Carter, a one-term Democratic president who lost to Reagan in a 44-state landslide, was for decades a symbol of liberal failure and ineffectual government. From stagflation at home to the hostage crisis in Iran, the public perception was that the country’s problems were getting out of control and Carter was ill equipped to handle them. His presidency was followed by a dozen years of Republican rule. Biden served in the Senate during the Carter administration.

“Biden is a little bit of history repeating,” said Republican strategist Bradley Blakeman. “While the young are experiencing shortages and inflated pricing, the older folks are remembering the failed policies of Jimmy Carter. Reports are that like Carter, Biden is consumed with details that hinder decisions. Biden is a creature of process and is repeating the failures of the past.”

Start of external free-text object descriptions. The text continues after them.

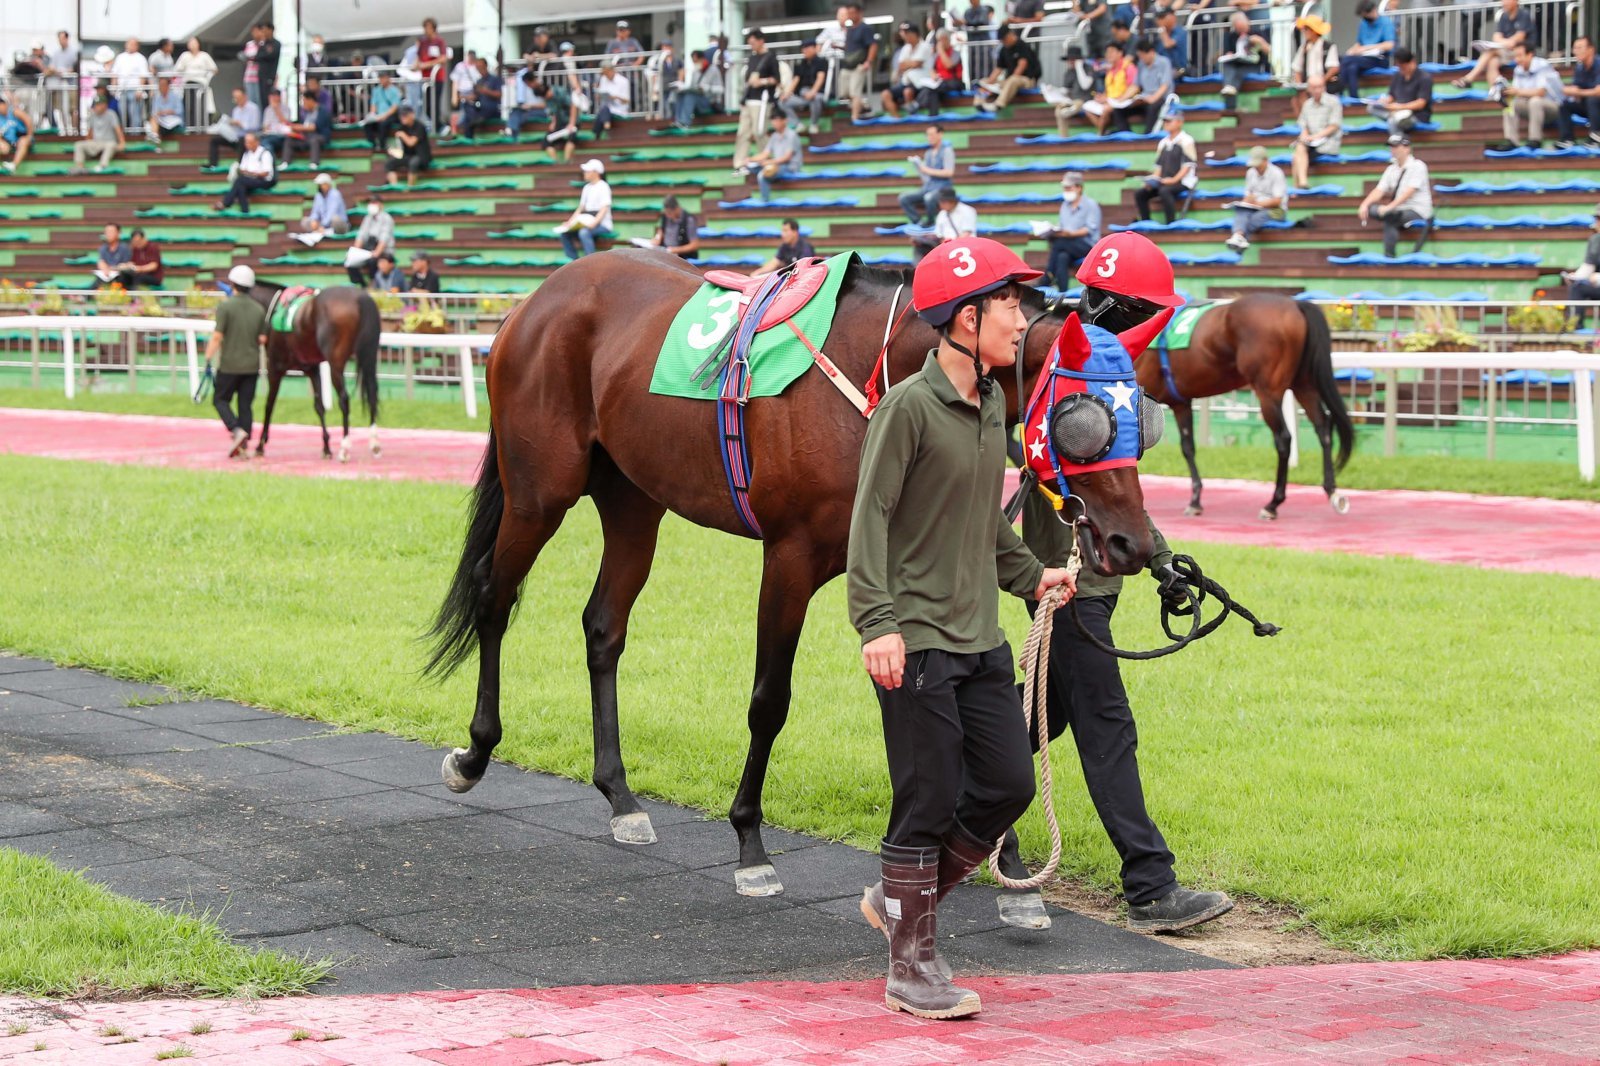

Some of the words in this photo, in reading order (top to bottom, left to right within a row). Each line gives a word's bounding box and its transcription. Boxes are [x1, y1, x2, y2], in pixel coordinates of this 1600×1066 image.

[948, 246, 977, 278] 3
[1096, 248, 1120, 278] 3
[688, 291, 742, 350] 3
[1175, 307, 1199, 335] 2
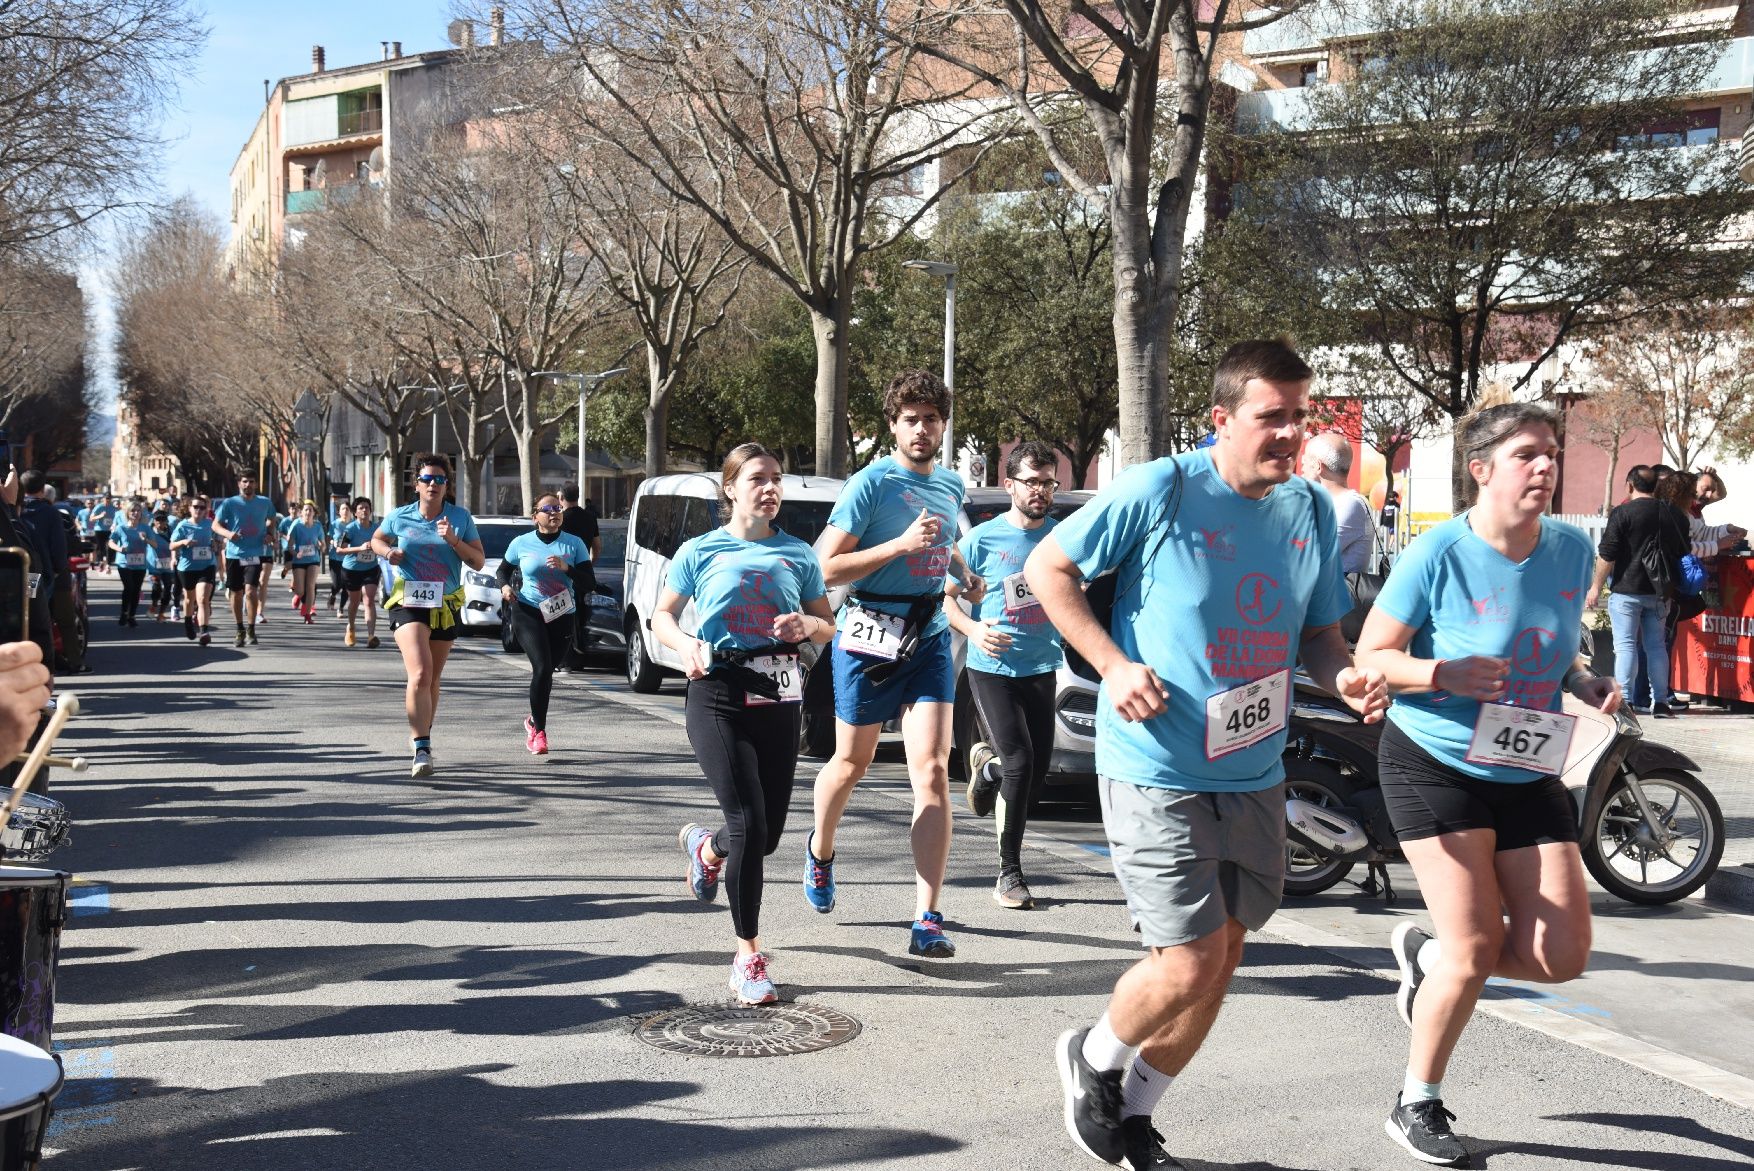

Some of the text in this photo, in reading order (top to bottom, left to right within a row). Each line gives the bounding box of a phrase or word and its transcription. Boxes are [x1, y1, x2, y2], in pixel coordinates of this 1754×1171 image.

The question is whether attacks involving Carter will still resonate decades after he left office and following years of rebuilding his reputation through post-presidential humanitarian work. Among younger voters, the 96-year-old may now be better known for building houses for the homeless through Habitat for Humanity or teaching Sunday school at his Georgia Baptist church than for national malaise.

In a 2015 Quinnipiac poll, 40% of registered voters said Carter had done the best work since leaving office, this time beating Reagan, who finished second, with 24%. Admiration for his post-presidential endeavors may also have improved how the public views his time in office. A 2009 CNN poll found 64% approved of the job Carter did as president. An ABC News poll a decade earlier put that figure at 66%. “Jimmy Carter is not getting older, he is getting better,” said ABC’s 1999 statement accompanying the survey’s release. “At least in retrospect.”

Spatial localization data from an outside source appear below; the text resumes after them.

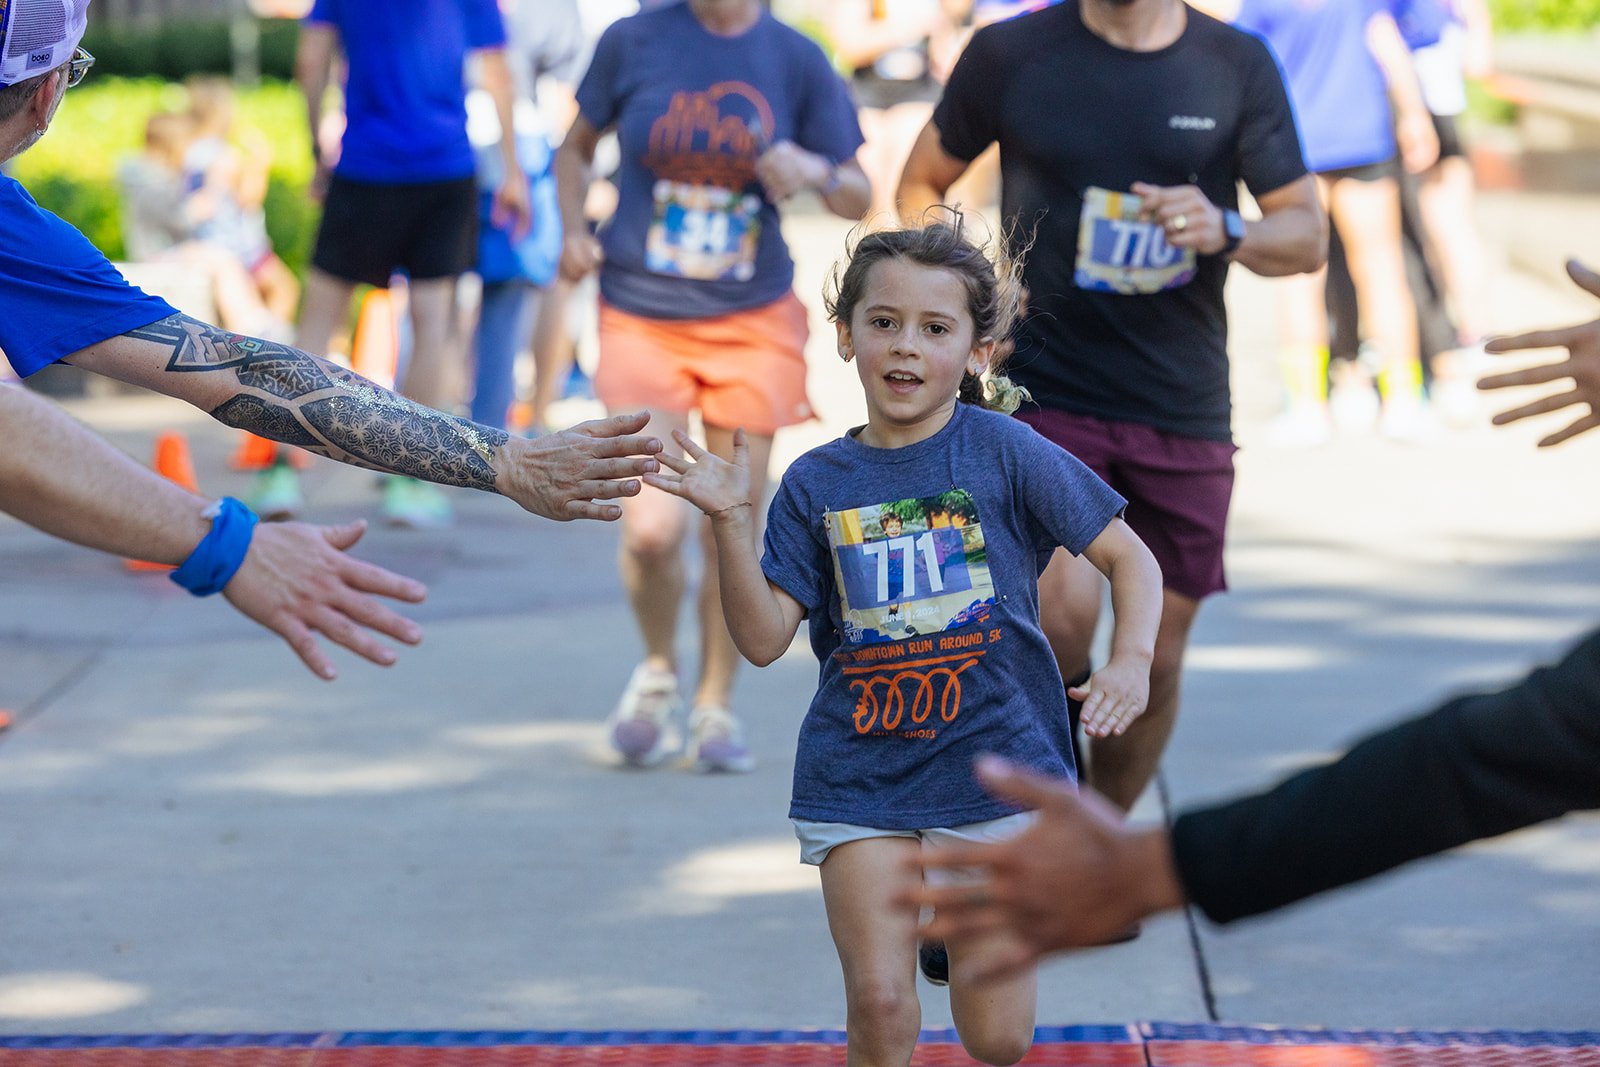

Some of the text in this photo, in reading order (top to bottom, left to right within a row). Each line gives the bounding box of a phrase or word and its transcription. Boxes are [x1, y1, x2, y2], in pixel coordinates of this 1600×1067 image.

[1110, 221, 1174, 266] 770
[862, 532, 943, 602] 771
[880, 612, 904, 623] JUNE
[852, 645, 904, 661] DOWNTOWN
[908, 640, 933, 654] RUN
[939, 632, 983, 650] AROUND
[988, 628, 1002, 644] 5K

Carter left office with a 34% approval rating. His Gallup average approval rating of 45.5% was the second worst since World War II. Carter’s vice president, Walter Mondale, was the Democratic nominee in 1984 and came within one vote per precinct in his native Minnesota of losing all 50 states. Mondale died earlier this year.

“Voters are going to care about Biden now, not Carter then,” said a Republican operative. “But it is a cute comparison. Arguably apt.” The obvious Democratic rejoinder will be to point to the more recent Trump administration.

Biden’s approval ratings have mostly held steady, with the RealClearPolitics polling average showing him at 54.2% approval to 41.5% disapproval. But there is a wide range of results in individual surveys, with a low of 49% in Quinnipiac and a high of 62% in Harris just this month.

The president’s party tends to do poorly in the midterm elections of a first term. Democrats will be defending much smaller congressional majorities than under Presidents Barack Obama and Bill Clinton. Republicans actually gained House seats last year.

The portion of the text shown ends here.